At the US$7 billion Central Japan International Airport, which is due to open in February next year near Nagoya, a highlight for passengers will be a Japanese hot spa bath, promoted as a world first for airports.

"The spa bath will feature glass walls facing the runway and the Ise Bay, so that bathers can enjoy the spectacle of aircraft taking off and landing against a backdrop of the sun setting over the bay," the Japan National Tourist Organization says on its Web site.

Similar grand plans of luxury are being planned for Bangkok's US$5 billion Suvarnabhumi Airport, which is due to be completed a year from September.

In a country famous for its spas and massages, Suvarnabhumi will offer full spa treatments as well as a 500-room, four-star hotel.

another hub

"We would like this airport to be the hub of Asian travel, and we are turning the area into a new city," said an official from the airport's builders, the New Bangkok International Airport Co.

Seoul's Incheon International Airport, which opened in 2001 and is being expanded, is also increasingly catering to non-essential travel needs with such facilities as a golf course that is currently under construction.

In Seoul, as everywhere in Asia, the higher-end passenger services market is fast becoming a much-needed source of revenue in an increasingly competitive airport arena.

"We are trying to use the space efficiently to accommodate as many commercial facilities as possible, as our revenue depends more and more on that," an Incheon International Airport Corp spokesman said.

Ian Thomas, a senior consultant with the Australian-based Centre for Asia Pacific Aviation, said that shops, entertainment facilities, office leasing and other non-aeronautical services have become airports' major source of revenue in the past 10 years.

passengers pay

"Airports traditionally have focused on revenue coming from aeronautical sources [such as airline landing fees and passenger service charges]," Thomas said.

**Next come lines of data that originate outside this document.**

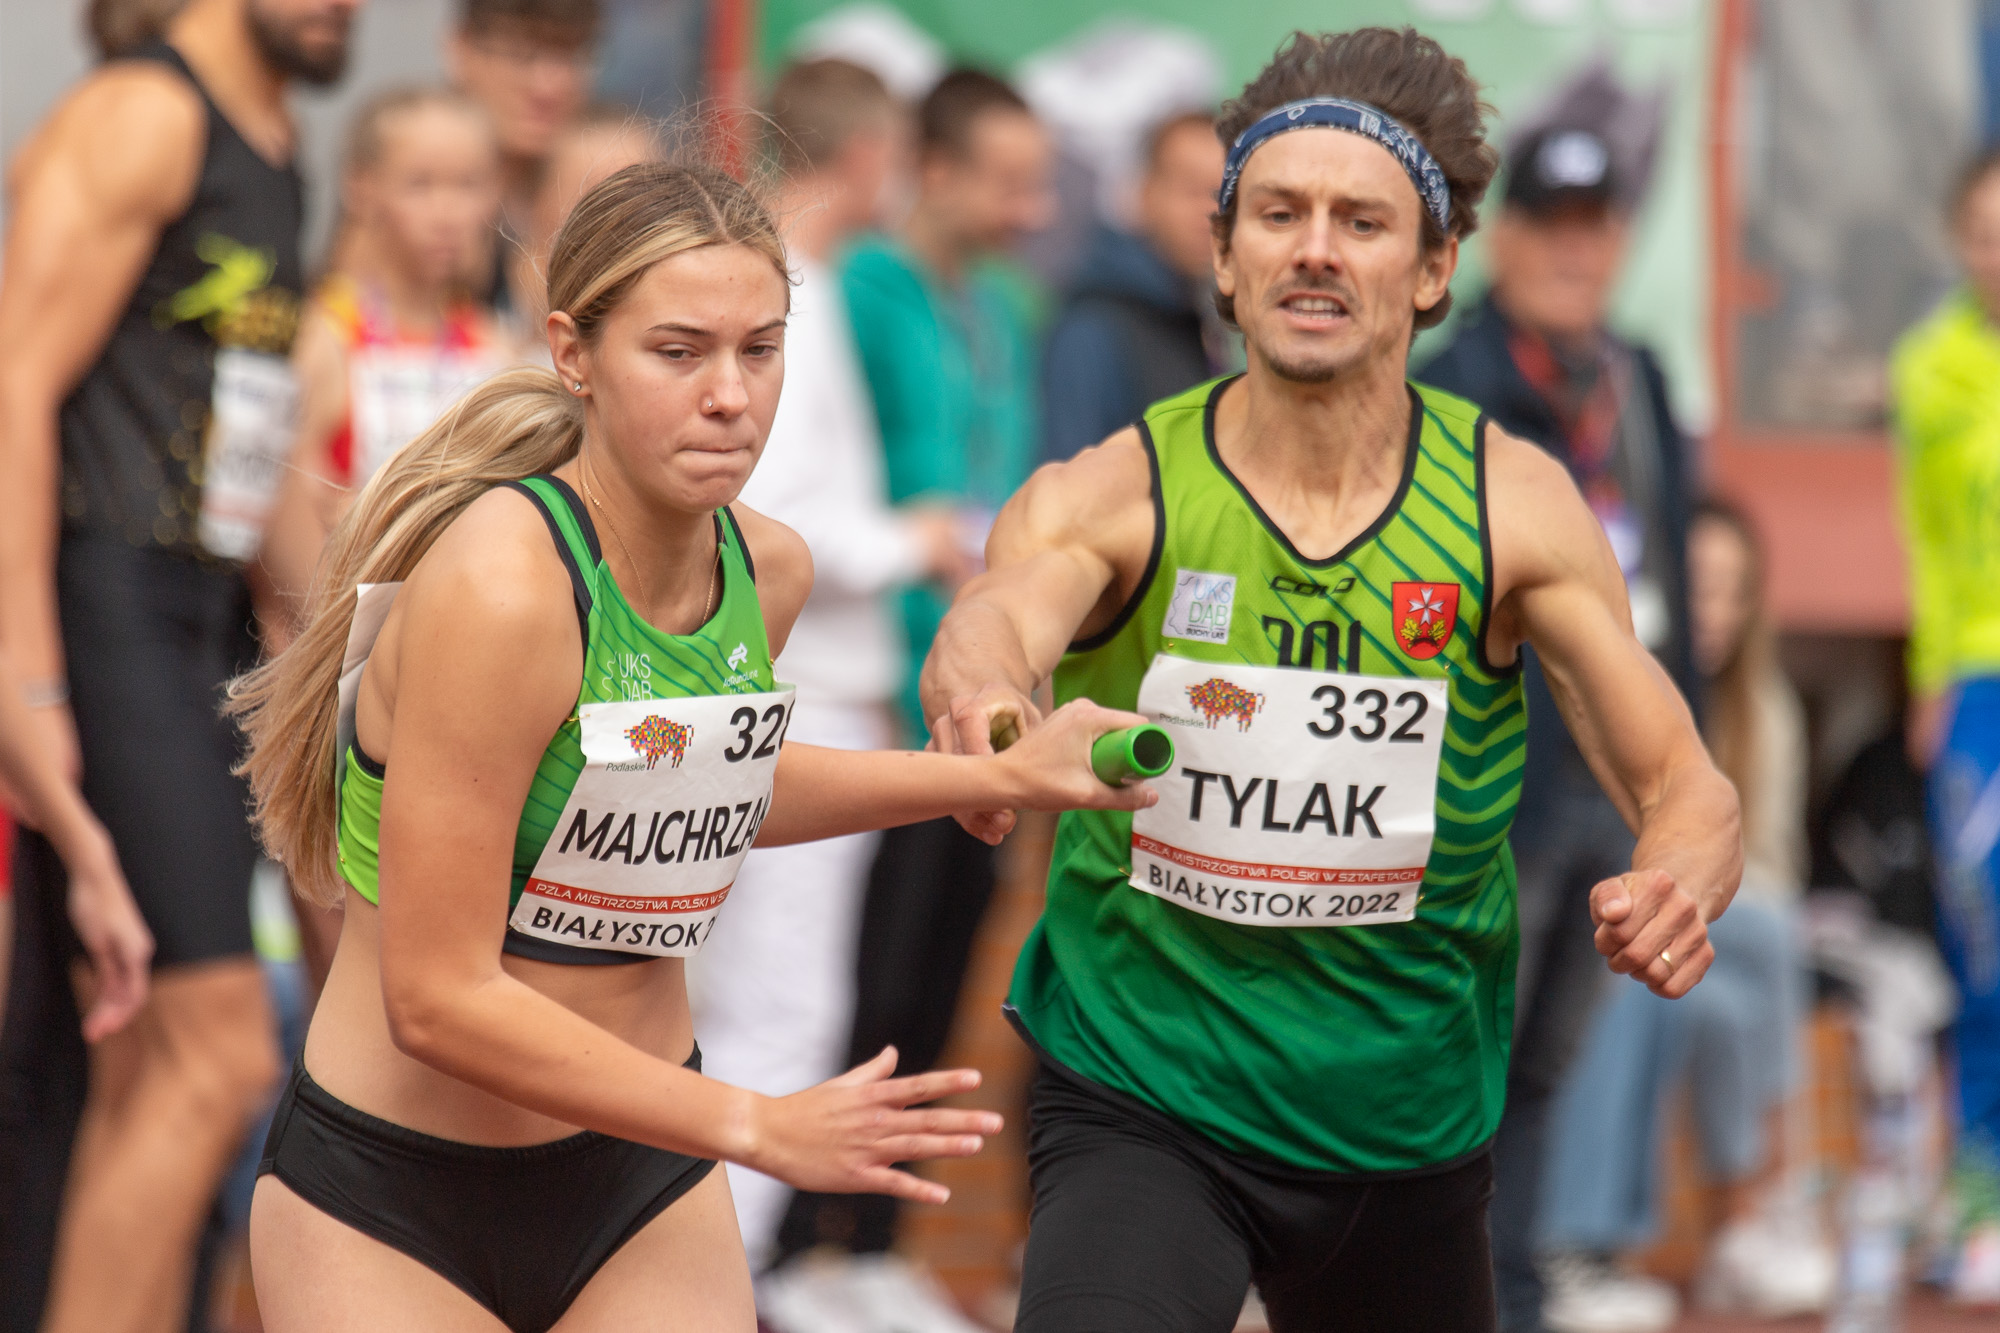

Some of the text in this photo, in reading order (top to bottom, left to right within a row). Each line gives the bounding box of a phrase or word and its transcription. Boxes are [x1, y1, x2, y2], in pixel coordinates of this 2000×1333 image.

[1193, 577, 1232, 604] UKS
[618, 653, 651, 679] UKS
[1158, 712, 1205, 729] Podlaskie
[1307, 684, 1429, 744] 332
[605, 761, 646, 773] Podlaskie
[1181, 767, 1387, 840] TYLAK
[1139, 838, 1418, 883] PZLA MISTRZOSTWA POLSKI W SZTAFETACH
[535, 883, 573, 900] PZLA
[575, 891, 669, 911] MISTRZOSTWA
[670, 895, 709, 910] POLSKI
[709, 895, 719, 907] W
[1147, 862, 1401, 918] BIAŁYSTOK 2022
[530, 906, 704, 948] BIAŁYSTOK

"But the competition between airports, particularly the major hubs, has seen those charges drop, so they have been forced to look to increase their revenue base elsewhere," he said.

Reflecting the regional trend, Goh said 60 percent of the Singapore airport's revenue came from non-aeronautical services, up from 40 percent in 1981.

"The philosophy is to maximize commercial revenue to keep costs for airlines low," he said.

"You are finding smaller airports are becoming busier and busier, so these ones are also being upgraded," Thomas said, citing Phuket, Thailand, as an example.